Problem:
Output every entry below word for word, minus the images.

Image-backed grounding data:
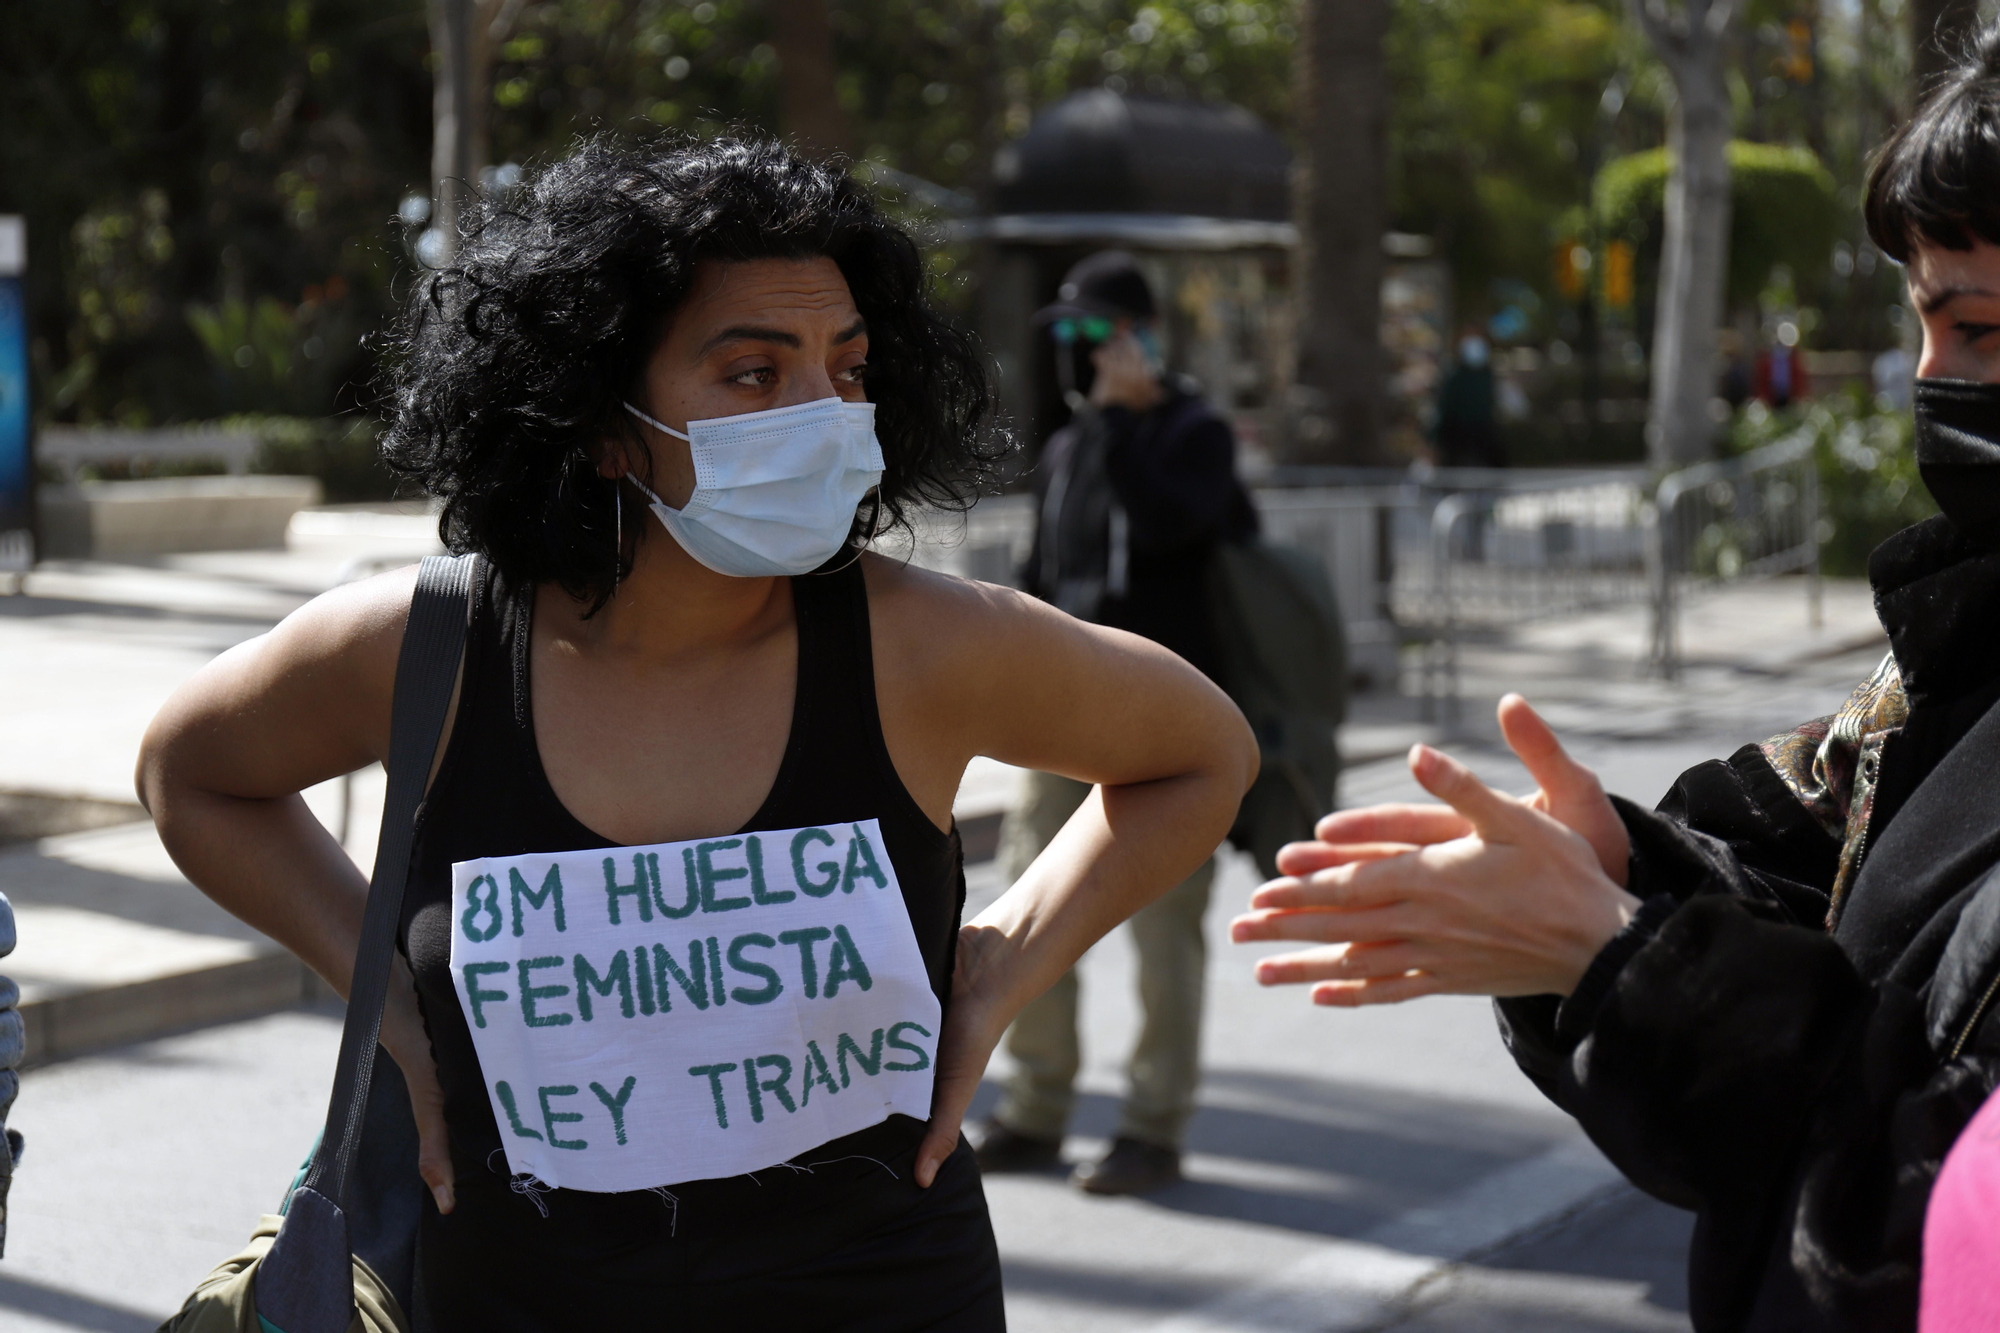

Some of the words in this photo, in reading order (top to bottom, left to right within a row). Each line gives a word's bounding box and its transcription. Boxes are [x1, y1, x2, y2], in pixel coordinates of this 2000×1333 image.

[461, 863, 567, 943] 8M
[602, 823, 889, 925] HUELGA
[462, 924, 873, 1029] FEMINISTA
[495, 1076, 636, 1151] LEY
[688, 1021, 932, 1130] TRANS

Task result:
Some of the words in this photo, in reading order (top to bottom, left to right within a row). Each line gives a word's bounding box and its transcription. Boxes are [x1, y1, x2, y2], in pixel coordinates of this 2000×1333 image.

[461, 863, 567, 943] 8M
[602, 823, 889, 925] HUELGA
[462, 924, 873, 1029] FEMINISTA
[495, 1076, 636, 1151] LEY
[688, 1021, 932, 1130] TRANS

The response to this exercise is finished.